Key Metrics Every Cassandra User Should Monitor

Introduction

We announced our support for Cassandra a few months back, but here at Sysdig, our engineering team has been using our Cassandra dashboards since well before the public release. We use Cassandra in our own Sysdig Cloud infrastructure, so our engineers tend to be quite opinionated about what should be included in an effective Cassandra monitoring solution. In this post, I wanted to start by digging into specific metrics that we recommend anyone running a Cassandra cluster should monitor, then I’ll share a real world example of how Sysdig Cloud helped us solve an actual issue within our own Cassandra cluster.

Key Cassandra Metrics to Monitor

Speaking from our own experience monitoring Cassandra, we believe these are the most useful metrics for any Cassandra user to start monitoring today so you can properly analyze the performance of your Cassandra deployment.

Read / Write Requests:

You always need to keep an eye of the read / write activity to make sure that these metrics fall within the limits of how your application typically behaves.

Read / Write Latency:

This shows the time required for a query to be executed. This is important because it gives you an idea of how the app is performing and this is a good leading indicator of system-wide slow downs. Latency can provide an early warning sign for performance issues due to increased load, or abrupt system activity in the environment like a heavy garbage collection or an increased number of compactions.

Disk Used:

This is a good way to analyze disk usage across an entire Cassandra cluster, and you can also view it by node to see if there is an outlier. If one node isn’t keeping up with compactions for example, you’d see disk usage spiking in that case.

CPU %:

This is a pretty general metric, but valuable nonetheless. This metric allows you to view the CPU you are utilizing across your Cassandra cluster or individual nodes.

Network Bytes Activity:

The Network Bytes activity is a good way to surface problems like a misconfiguration in a particular node. NoSQL databases like Cassandra can handle a lot of data, and when bootstrapping new nodes in the cluster at the same time, a whole lot of data can be requested and dispatched to all of the nodes which can easily overload the entire network.
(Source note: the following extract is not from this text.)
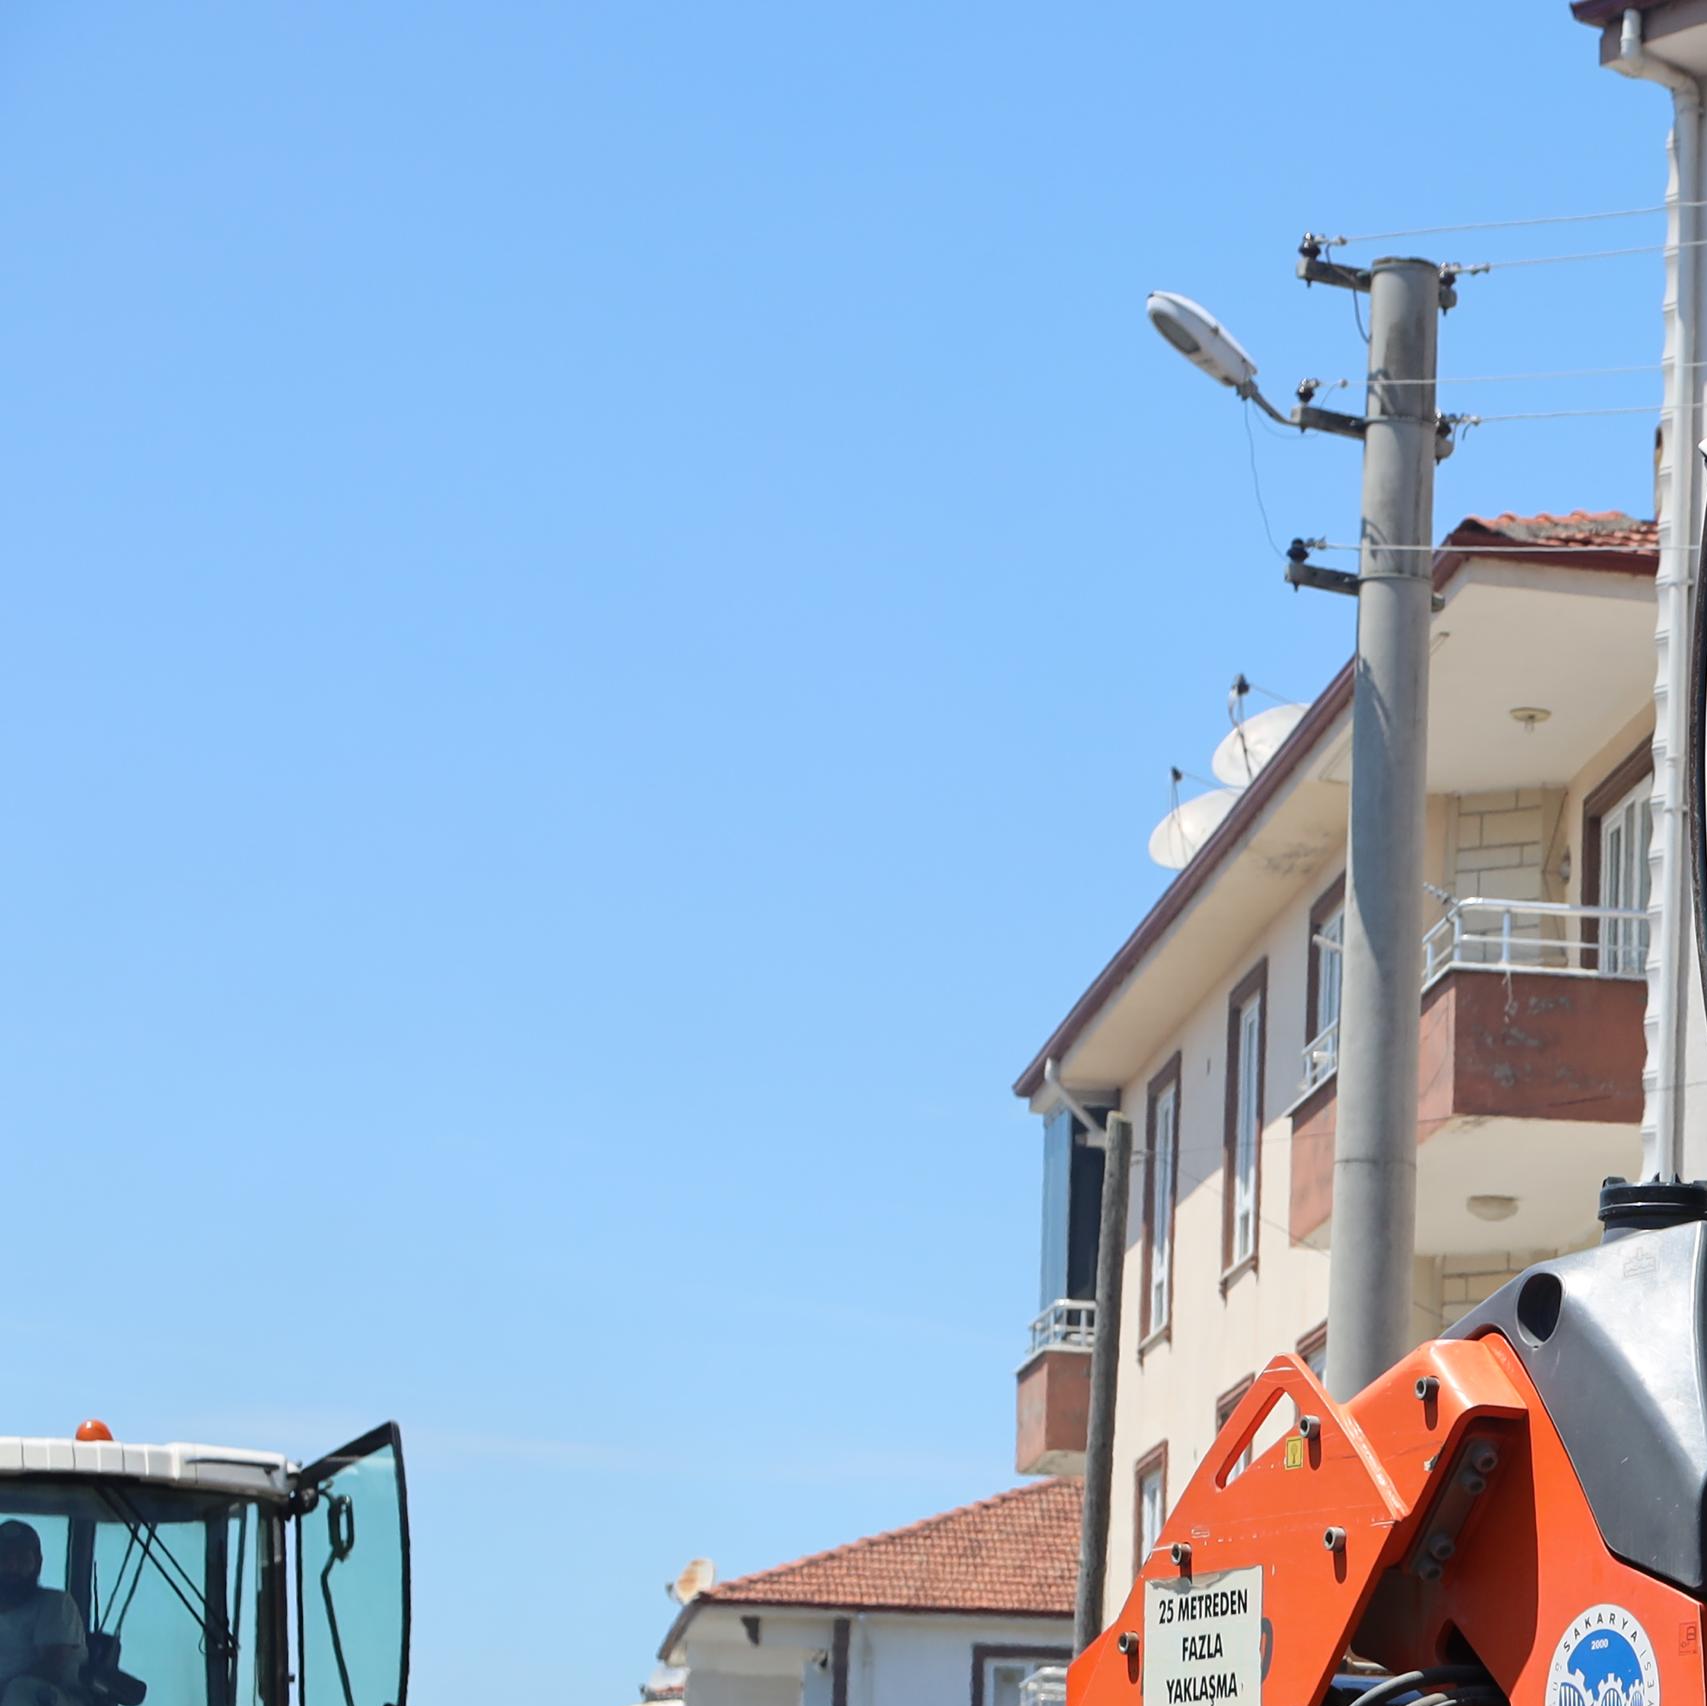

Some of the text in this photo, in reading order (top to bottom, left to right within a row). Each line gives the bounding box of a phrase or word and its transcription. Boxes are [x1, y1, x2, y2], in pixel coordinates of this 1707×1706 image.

[1158, 1588, 1248, 1625] 25 METREDEN
[1181, 1632, 1224, 1663] FAZLA
[1563, 1612, 1640, 1653] SAKARYA
[1591, 1638, 1609, 1651] 2000
You can see when the migration is over, indicated by a big spike in the network that then goes down.

File Bytes:

Similar to network bandwidth, the file bytes chart is useful for analyzing things like the compaction throughput setting you should use. If you take the file bytes throughput as the baseline, a rule of thumb we’re using internally is the compaction setting should be 2-3x that baseline number.

Heap Usage:

This is an important data point since Cassandra is a Java application and you have to be really careful when measuring the heap size. Heap should be allocated to a reasonable amount based on the size of your machine. Keep in mind Cassandra uses a lot of memory for internal caches, so monitoring heap usage across your Cassandra deployment and making sure it stays within a safe distance of your ceiling is of the utmost importance.

Garbage Collection Times:

Using this metric you can spot the difference between garbage collection algorithms and how long they are taking to finish.

Hinted Handoff Pending:

This is an important but often overlooked metric. Hinted handoff pending refers to the data that will be sent to a node once it comes back online after going down. Sometimes when these nodes come back, they generate a huge burst of activity as the hinted handoffs actually get sent to these nodes. Without looking at this type of metric, it would be hard to understand what that burst of activity was caused by.

Compactions:

Since Cassandra by default limits the amount of disk bandwidth it devotes to compaction, viewing this metric can surface compaction configurations that don’t actually keep up with the rate of ingestion, which will negatively impact performance.

Monitoring Cassandra The Easy Way: With Sysdig Cloud

No matter what tool you are using to monitor your Cassandra deployment, these are the top metrics that we highly recommend you keep an eye on. But for Sysdig Cloud users who want to monitor Cassandra, we’ve made it especially easy: we’ve created a custom view that combines all of these metrics into a single dashboard that comes built-in with Sysdig Cloud.

Cassandra Dashboard

Sysdig Cloud also provides Cassandra users a number of unique features that can make the management of your Cassandra deployment much, much easier:

Segment Cassandra metrics by cluster or node

Sysdig Cloud has pre-built views for Cassandra metrics grouped by cluster and by node. By being able to quickly switch between cluster and node views you can easily identify whether performance issues are happening across your cluster or limited to a single Cassandra node. This is just another way we help users rapidly identify the root cause of performance issues.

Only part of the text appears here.